*WHAT YOU HAVE TO DO*.
Beginning at the line that includes "Some of the text", return each line exactly through the end of the listing, and no line before it.

↓

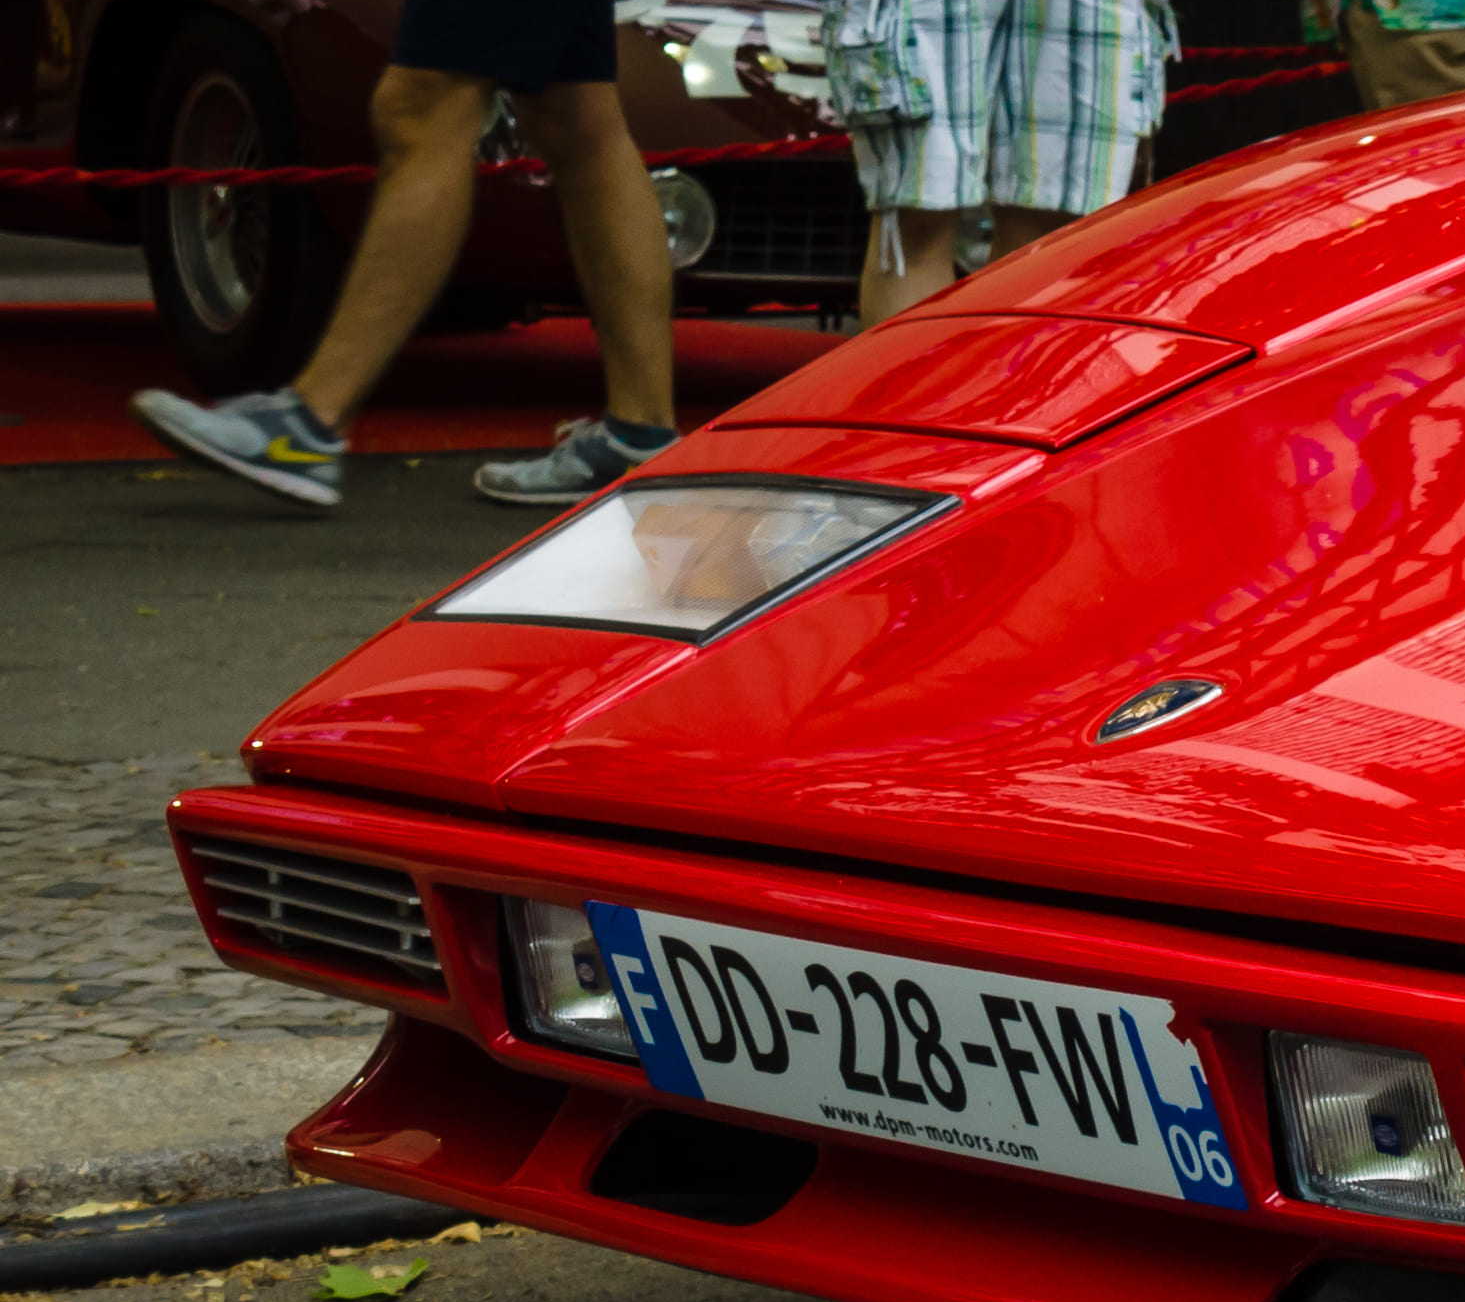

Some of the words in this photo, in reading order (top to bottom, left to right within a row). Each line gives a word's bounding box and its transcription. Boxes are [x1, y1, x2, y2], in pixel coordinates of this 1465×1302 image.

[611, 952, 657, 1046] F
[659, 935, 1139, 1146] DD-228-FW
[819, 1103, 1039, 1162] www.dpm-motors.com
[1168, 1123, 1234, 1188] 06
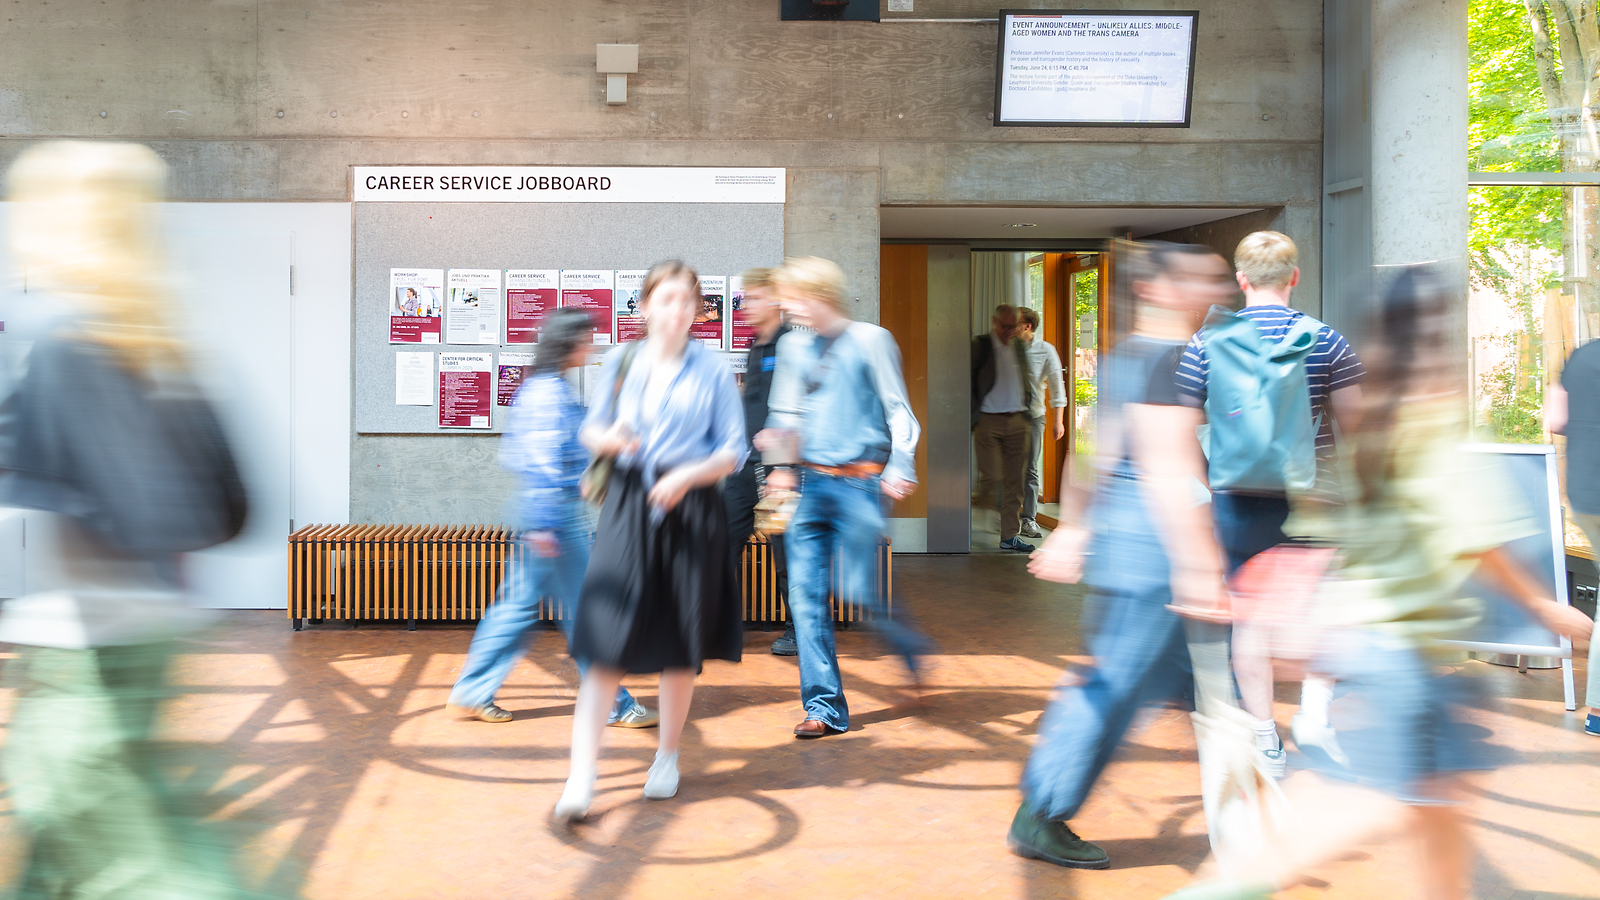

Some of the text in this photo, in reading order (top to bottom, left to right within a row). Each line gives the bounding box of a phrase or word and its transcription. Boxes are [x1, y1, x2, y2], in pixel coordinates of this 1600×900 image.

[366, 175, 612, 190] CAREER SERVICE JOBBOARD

↑

*YOUR SOLUTION*.
Some of the text in this photo, in reading order (top to bottom, left to right within a row). Each line gives the bounding box of a phrase or word and its transcription. Boxes are [x1, y1, x2, y2], in pixel coordinates of this 1600×900 image.

[366, 175, 612, 190] CAREER SERVICE JOBBOARD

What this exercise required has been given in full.